_WHAT THE TASK REQUIRES_:
Exactly the lines from the one containing "Some of the text" through the end of the entries, both ends included, are to be output.

_Stored items from a collection_:
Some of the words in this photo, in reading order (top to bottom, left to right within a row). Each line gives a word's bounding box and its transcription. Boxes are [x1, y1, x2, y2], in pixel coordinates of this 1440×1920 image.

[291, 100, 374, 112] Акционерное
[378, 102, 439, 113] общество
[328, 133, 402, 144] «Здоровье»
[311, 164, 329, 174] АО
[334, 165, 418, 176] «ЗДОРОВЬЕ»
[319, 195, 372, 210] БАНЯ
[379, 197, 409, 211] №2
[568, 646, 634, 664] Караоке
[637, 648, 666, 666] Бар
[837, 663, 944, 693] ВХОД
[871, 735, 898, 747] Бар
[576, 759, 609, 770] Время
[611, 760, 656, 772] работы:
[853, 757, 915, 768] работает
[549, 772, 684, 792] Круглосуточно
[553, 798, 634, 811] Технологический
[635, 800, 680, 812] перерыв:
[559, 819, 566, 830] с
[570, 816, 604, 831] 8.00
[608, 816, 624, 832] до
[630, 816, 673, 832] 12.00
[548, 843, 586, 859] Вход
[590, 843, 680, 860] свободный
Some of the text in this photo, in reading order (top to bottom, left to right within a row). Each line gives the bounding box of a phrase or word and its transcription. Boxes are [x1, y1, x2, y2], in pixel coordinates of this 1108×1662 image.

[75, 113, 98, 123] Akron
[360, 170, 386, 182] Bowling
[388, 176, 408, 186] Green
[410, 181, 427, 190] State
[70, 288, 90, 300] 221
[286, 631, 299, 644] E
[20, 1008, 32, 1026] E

_SOLUTION TO THE EXERCISE_:
Some of the text in this photo, in reading order (top to bottom, left to right within a row). Each line gives the bounding box of a phrase or word and its transcription. Boxes are [x1, y1, x2, y2], in pixel coordinates of this 1108×1662 image.

[75, 113, 98, 123] Akron
[360, 170, 386, 182] Bowling
[388, 176, 408, 186] Green
[410, 181, 427, 190] State
[70, 288, 90, 300] 221
[286, 631, 299, 644] E
[20, 1008, 32, 1026] E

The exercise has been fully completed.